▶ [WORK TO BE COMPLETED]:
Take down each entry exactly as written.

▶ [INPUT FOR THIS TASK]:
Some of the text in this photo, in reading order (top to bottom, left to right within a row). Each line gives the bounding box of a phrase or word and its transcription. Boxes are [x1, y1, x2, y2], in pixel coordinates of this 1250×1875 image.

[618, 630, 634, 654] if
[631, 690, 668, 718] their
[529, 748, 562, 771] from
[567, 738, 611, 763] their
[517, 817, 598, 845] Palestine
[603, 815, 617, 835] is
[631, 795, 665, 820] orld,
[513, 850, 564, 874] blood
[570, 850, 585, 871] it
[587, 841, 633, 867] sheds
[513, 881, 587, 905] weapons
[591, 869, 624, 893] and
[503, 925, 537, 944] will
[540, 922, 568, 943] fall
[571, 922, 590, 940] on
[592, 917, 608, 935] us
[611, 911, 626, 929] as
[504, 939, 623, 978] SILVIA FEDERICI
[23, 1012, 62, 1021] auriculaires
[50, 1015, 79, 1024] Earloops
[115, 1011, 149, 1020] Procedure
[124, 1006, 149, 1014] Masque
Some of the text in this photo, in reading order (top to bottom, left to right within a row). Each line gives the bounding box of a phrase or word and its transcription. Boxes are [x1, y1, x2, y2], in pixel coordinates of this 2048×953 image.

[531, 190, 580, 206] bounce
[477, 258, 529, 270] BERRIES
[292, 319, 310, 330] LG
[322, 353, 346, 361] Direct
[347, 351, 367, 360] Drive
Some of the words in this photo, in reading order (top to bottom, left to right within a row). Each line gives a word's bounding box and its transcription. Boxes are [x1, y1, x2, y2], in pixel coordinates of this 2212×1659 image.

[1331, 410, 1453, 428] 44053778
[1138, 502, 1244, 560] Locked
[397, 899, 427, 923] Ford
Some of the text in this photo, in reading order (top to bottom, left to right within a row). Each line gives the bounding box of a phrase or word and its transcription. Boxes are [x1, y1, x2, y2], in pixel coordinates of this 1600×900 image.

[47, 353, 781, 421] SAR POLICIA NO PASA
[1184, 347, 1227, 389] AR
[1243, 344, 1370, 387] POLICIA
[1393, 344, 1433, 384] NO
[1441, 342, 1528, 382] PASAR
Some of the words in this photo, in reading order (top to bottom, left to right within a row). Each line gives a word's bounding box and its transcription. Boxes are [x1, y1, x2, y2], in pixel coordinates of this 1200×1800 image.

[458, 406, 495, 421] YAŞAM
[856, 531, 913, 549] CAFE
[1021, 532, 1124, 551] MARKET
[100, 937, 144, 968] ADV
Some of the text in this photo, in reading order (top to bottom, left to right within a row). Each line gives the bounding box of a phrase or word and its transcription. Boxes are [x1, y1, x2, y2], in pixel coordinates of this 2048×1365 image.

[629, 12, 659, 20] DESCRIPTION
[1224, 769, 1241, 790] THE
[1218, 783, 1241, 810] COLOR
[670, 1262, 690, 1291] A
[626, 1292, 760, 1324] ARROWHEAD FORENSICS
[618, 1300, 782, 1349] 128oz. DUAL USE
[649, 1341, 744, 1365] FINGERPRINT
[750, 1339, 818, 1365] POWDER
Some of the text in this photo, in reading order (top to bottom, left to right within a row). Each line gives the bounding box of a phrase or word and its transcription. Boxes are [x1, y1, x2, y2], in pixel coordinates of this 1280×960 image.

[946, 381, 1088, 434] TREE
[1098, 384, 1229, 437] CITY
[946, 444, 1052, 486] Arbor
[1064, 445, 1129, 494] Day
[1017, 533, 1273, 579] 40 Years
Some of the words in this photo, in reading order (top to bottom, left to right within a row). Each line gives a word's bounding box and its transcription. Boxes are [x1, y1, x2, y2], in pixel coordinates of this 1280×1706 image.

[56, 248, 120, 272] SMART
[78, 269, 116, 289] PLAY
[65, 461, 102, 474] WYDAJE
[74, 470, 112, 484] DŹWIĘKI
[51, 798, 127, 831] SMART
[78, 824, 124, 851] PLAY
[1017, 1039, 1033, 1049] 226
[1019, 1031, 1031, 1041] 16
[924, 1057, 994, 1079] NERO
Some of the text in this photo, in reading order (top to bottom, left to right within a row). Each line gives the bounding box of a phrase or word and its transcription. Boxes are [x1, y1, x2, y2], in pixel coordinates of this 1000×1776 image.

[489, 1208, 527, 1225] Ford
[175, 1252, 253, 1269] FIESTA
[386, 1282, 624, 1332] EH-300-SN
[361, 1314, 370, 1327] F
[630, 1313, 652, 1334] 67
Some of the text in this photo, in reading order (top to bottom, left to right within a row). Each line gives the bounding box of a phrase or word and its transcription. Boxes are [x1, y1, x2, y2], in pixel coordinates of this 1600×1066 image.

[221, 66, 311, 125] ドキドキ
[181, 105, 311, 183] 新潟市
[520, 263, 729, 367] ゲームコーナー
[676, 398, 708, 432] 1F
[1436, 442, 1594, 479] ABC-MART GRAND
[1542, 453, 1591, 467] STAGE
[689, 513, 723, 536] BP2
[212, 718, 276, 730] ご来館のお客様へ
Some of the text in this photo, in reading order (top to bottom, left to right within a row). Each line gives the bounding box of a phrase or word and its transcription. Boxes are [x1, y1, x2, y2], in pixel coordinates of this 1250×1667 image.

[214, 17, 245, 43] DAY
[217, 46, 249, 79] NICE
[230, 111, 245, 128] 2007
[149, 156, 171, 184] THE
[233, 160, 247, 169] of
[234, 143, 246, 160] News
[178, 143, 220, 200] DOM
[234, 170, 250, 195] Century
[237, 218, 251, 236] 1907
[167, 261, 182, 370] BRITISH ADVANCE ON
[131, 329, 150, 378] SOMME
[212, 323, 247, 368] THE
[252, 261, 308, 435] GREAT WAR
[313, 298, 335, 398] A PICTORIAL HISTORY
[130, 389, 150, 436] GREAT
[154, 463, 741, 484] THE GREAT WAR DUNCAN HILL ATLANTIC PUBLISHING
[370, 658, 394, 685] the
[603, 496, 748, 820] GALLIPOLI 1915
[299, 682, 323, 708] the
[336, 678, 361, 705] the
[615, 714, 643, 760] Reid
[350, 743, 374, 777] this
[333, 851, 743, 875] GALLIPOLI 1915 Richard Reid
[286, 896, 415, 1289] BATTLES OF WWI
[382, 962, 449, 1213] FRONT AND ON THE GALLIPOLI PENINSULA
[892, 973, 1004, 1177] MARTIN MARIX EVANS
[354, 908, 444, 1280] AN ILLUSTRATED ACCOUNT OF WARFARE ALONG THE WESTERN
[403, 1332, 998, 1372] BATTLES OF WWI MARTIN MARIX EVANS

▶ [REPLY TO THE TASK]:
Some of the text in this photo, in reading order (top to bottom, left to right within a row). Each line gives the bounding box of a phrase or word and its transcription. Boxes are [x1, y1, x2, y2], in pixel coordinates of this 1250×1875 image.

[618, 630, 634, 654] if
[631, 690, 668, 718] their
[529, 748, 562, 771] from
[567, 738, 611, 763] their
[517, 817, 598, 845] Palestine
[603, 815, 617, 835] is
[631, 795, 665, 820] orld,
[513, 850, 564, 874] blood
[570, 850, 585, 871] it
[587, 841, 633, 867] sheds
[513, 881, 587, 905] weapons
[591, 869, 624, 893] and
[503, 925, 537, 944] will
[540, 922, 568, 943] fall
[571, 922, 590, 940] on
[592, 917, 608, 935] us
[611, 911, 626, 929] as
[504, 939, 623, 978] SILVIA FEDERICI
[23, 1012, 62, 1021] auriculaires
[50, 1015, 79, 1024] Earloops
[115, 1011, 149, 1020] Procedure
[124, 1006, 149, 1014] Masque
Some of the text in this photo, in reading order (top to bottom, left to right within a row). Each line gives the bounding box of a phrase or word and its transcription. Boxes are [x1, y1, x2, y2], in pixel coordinates of this 2048×953 image.

[531, 190, 580, 206] bounce
[477, 258, 529, 270] BERRIES
[292, 319, 310, 330] LG
[322, 353, 346, 361] Direct
[347, 351, 367, 360] Drive
Some of the words in this photo, in reading order (top to bottom, left to right within a row). Each line gives a word's bounding box and its transcription. Boxes are [x1, y1, x2, y2], in pixel coordinates of this 2212×1659 image.

[1331, 410, 1453, 428] 44053778
[1138, 502, 1244, 560] Locked
[397, 899, 427, 923] Ford
Some of the text in this photo, in reading order (top to bottom, left to right within a row). Each line gives the bounding box of a phrase or word and its transcription. Boxes are [x1, y1, x2, y2], in pixel coordinates of this 1600×900 image.

[47, 353, 781, 421] SAR POLICIA NO PASA
[1184, 347, 1227, 389] AR
[1243, 344, 1370, 387] POLICIA
[1393, 344, 1433, 384] NO
[1441, 342, 1528, 382] PASAR
Some of the words in this photo, in reading order (top to bottom, left to right within a row). Each line gives a word's bounding box and its transcription. Boxes are [x1, y1, x2, y2], in pixel coordinates of this 1200×1800 image.

[458, 406, 495, 421] YAŞAM
[856, 531, 913, 549] CAFE
[1021, 532, 1124, 551] MARKET
[100, 937, 144, 968] ADV
Some of the text in this photo, in reading order (top to bottom, left to right within a row). Each line gives the bounding box of a phrase or word and its transcription. Boxes are [x1, y1, x2, y2], in pixel coordinates of this 2048×1365 image.

[629, 12, 659, 20] DESCRIPTION
[1224, 769, 1241, 790] THE
[1218, 783, 1241, 810] COLOR
[670, 1262, 690, 1291] A
[626, 1292, 760, 1324] ARROWHEAD FORENSICS
[618, 1300, 782, 1349] 128oz. DUAL USE
[649, 1341, 744, 1365] FINGERPRINT
[750, 1339, 818, 1365] POWDER
Some of the text in this photo, in reading order (top to bottom, left to right within a row). Each line gives the bounding box of a phrase or word and its transcription. Boxes are [x1, y1, x2, y2], in pixel coordinates of this 1280×960 image.

[946, 381, 1088, 434] TREE
[1098, 384, 1229, 437] CITY
[946, 444, 1052, 486] Arbor
[1064, 445, 1129, 494] Day
[1017, 533, 1273, 579] 40 Years
Some of the words in this photo, in reading order (top to bottom, left to right within a row). Each line gives a word's bounding box and its transcription. Boxes are [x1, y1, x2, y2], in pixel coordinates of this 1280×1706 image.

[56, 248, 120, 272] SMART
[78, 269, 116, 289] PLAY
[65, 461, 102, 474] WYDAJE
[74, 470, 112, 484] DŹWIĘKI
[51, 798, 127, 831] SMART
[78, 824, 124, 851] PLAY
[1017, 1039, 1033, 1049] 226
[1019, 1031, 1031, 1041] 16
[924, 1057, 994, 1079] NERO
Some of the text in this photo, in reading order (top to bottom, left to right within a row). Each line gives the bounding box of a phrase or word and its transcription. Boxes are [x1, y1, x2, y2], in pixel coordinates of this 1000×1776 image.

[489, 1208, 527, 1225] Ford
[175, 1252, 253, 1269] FIESTA
[386, 1282, 624, 1332] EH-300-SN
[361, 1314, 370, 1327] F
[630, 1313, 652, 1334] 67
Some of the text in this photo, in reading order (top to bottom, left to right within a row). Each line gives the bounding box of a phrase or word and its transcription. Boxes are [x1, y1, x2, y2], in pixel coordinates of this 1600×1066 image.

[221, 66, 311, 125] ドキドキ
[181, 105, 311, 183] 新潟市
[520, 263, 729, 367] ゲームコーナー
[676, 398, 708, 432] 1F
[1436, 442, 1594, 479] ABC-MART GRAND
[1542, 453, 1591, 467] STAGE
[689, 513, 723, 536] BP2
[212, 718, 276, 730] ご来館のお客様へ
Some of the text in this photo, in reading order (top to bottom, left to right within a row). Each line gives the bounding box of a phrase or word and its transcription. Boxes are [x1, y1, x2, y2], in pixel coordinates of this 1250×1667 image.

[214, 17, 245, 43] DAY
[217, 46, 249, 79] NICE
[230, 111, 245, 128] 2007
[149, 156, 171, 184] THE
[233, 160, 247, 169] of
[234, 143, 246, 160] News
[178, 143, 220, 200] DOM
[234, 170, 250, 195] Century
[237, 218, 251, 236] 1907
[167, 261, 182, 370] BRITISH ADVANCE ON
[131, 329, 150, 378] SOMME
[212, 323, 247, 368] THE
[252, 261, 308, 435] GREAT WAR
[313, 298, 335, 398] A PICTORIAL HISTORY
[130, 389, 150, 436] GREAT
[154, 463, 741, 484] THE GREAT WAR DUNCAN HILL ATLANTIC PUBLISHING
[370, 658, 394, 685] the
[603, 496, 748, 820] GALLIPOLI 1915
[299, 682, 323, 708] the
[336, 678, 361, 705] the
[615, 714, 643, 760] Reid
[350, 743, 374, 777] this
[333, 851, 743, 875] GALLIPOLI 1915 Richard Reid
[286, 896, 415, 1289] BATTLES OF WWI
[382, 962, 449, 1213] FRONT AND ON THE GALLIPOLI PENINSULA
[892, 973, 1004, 1177] MARTIN MARIX EVANS
[354, 908, 444, 1280] AN ILLUSTRATED ACCOUNT OF WARFARE ALONG THE WESTERN
[403, 1332, 998, 1372] BATTLES OF WWI MARTIN MARIX EVANS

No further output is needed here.